25th Aug: Ash

August 25, 2008

P1010238.JPG66 Km driven

Driver stress low

169 photographs taken

Food good

Picture: Stepping stones in the streets of Pompeii.


I had expected to be impressed by Pompey, but it exceeded even my high expectations. Not just the sheer size of the site, but the intimate (no I don’t mean that) details of the place. The stepping stones across each street to preserve togas from the mud, engineered to the distance between wheels of a hand cart (the chariot wheels and railway tracks is I think an urban myth by the way) being one example. The plaster casts of the space left in the ash by the dead bodies remains poignant to this day, although the death throws of a dog were, for me the most vivid.

Getting there was unexciting, which was a relief. We had found that a shop at the entrance to the village sold croissant, the drive to Pompeii was uneventful, although a wrong turning off the autostrada meant a difficult drive through the streets of modern Pompeii. I ignored the various parking touts and ended up in secure parking next to the main entrance. Worth noting that a €30 meal (easy with a family) in the adjacent Pizzeria means the parking is free.

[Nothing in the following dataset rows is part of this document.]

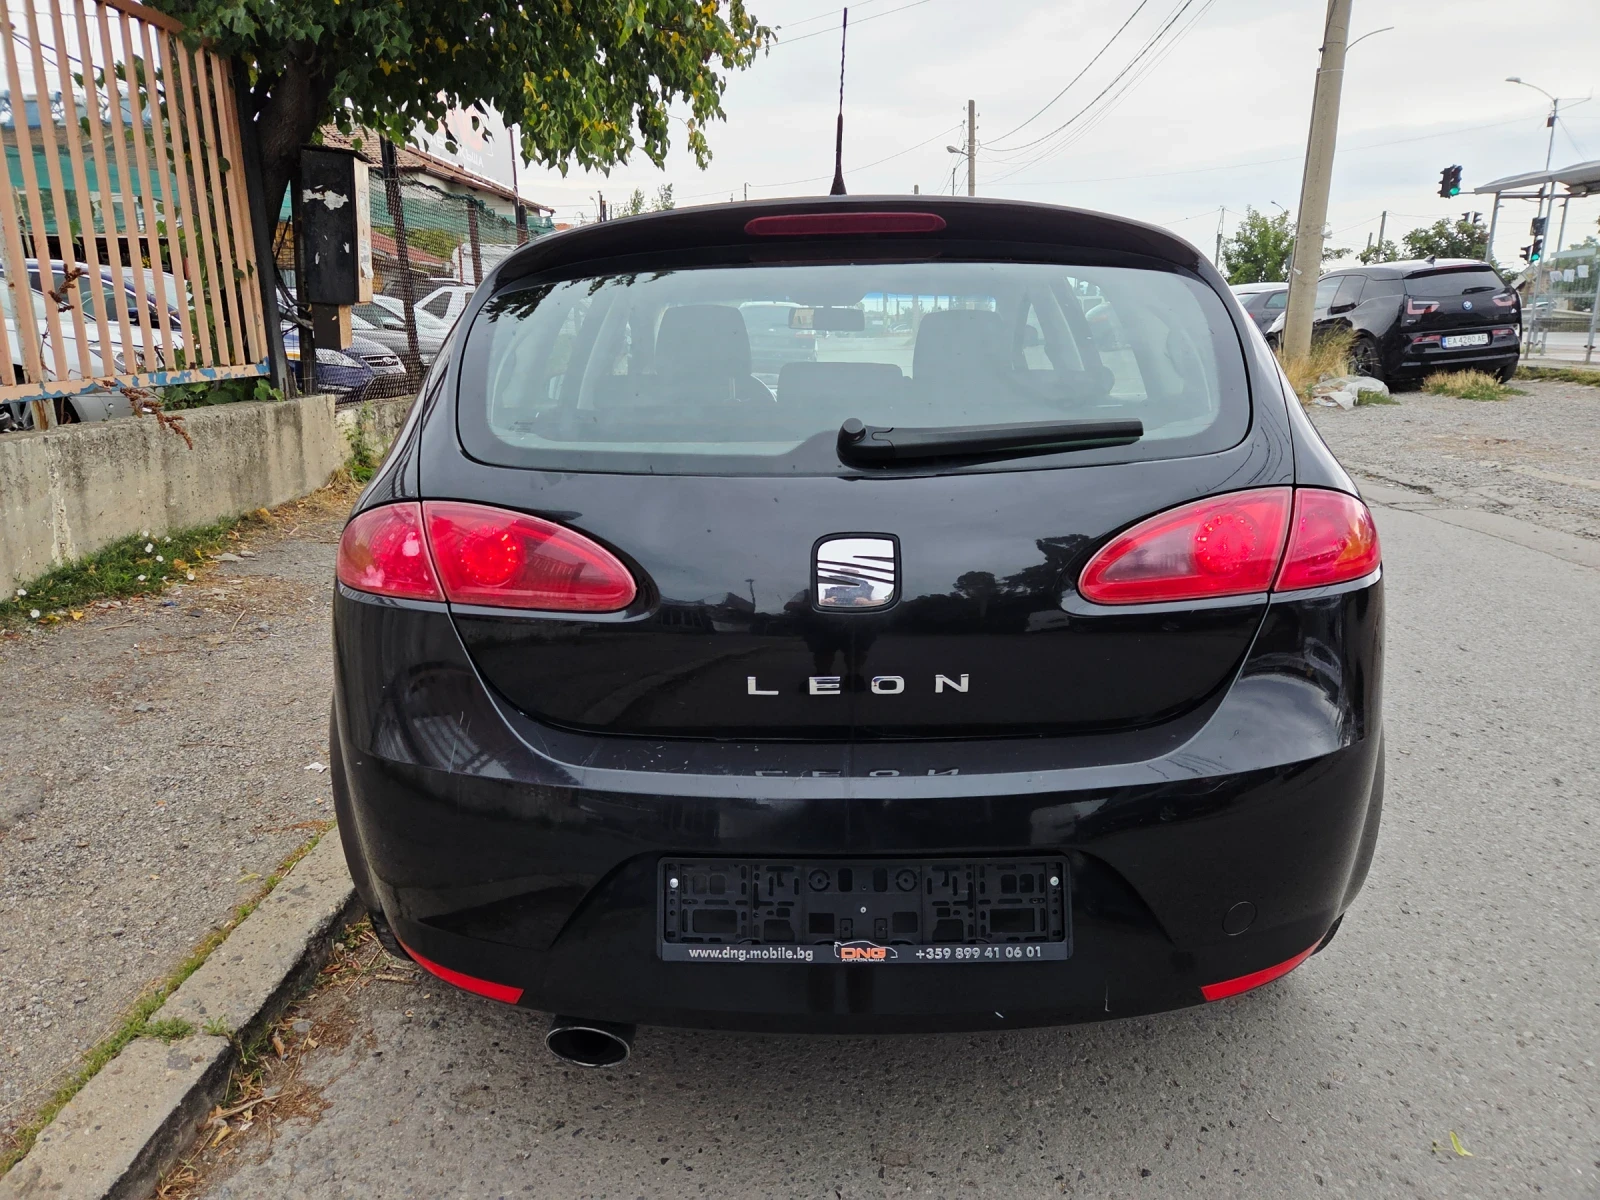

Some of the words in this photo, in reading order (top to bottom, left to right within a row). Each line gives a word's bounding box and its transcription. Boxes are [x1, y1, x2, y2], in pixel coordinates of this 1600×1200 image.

[747, 674, 970, 696] LEON
[689, 946, 814, 961] www.dng.mobile.bg
[841, 947, 886, 959] DNG
[915, 947, 951, 960] +359
[955, 947, 981, 960] 899
[984, 946, 1000, 959] 41
[1005, 946, 1023, 959] 06
[1026, 945, 1042, 958] 01

School parties I am told come in via the Amphitheater which makes for a route with less backtracking, but I think I prefer coming in by the main entrance. You get a sense of the walled city, built for defense, and the long entrance brings you through a darkened tunnel to the centre. We spent the whole day wandering around to the point where the battery on the camera was starting to fail. The popular sites (the Brothel) involved a queue, but elsewhere it was easy to see things, to take pictures without restriction and breath in the sense of the place. The mountain was visible throughout acting as a powerful reminder of the cataclysmic past.

Exhausted we set of back for Sorrento to find another, slightly cheaper but still excellent restaurant (L’Abate just down from Piazza Tasso on the Via Luigi De Maio). More local wine then back to the flat where it took ten minutes to wash the dust of Pompeii from sandaled feet.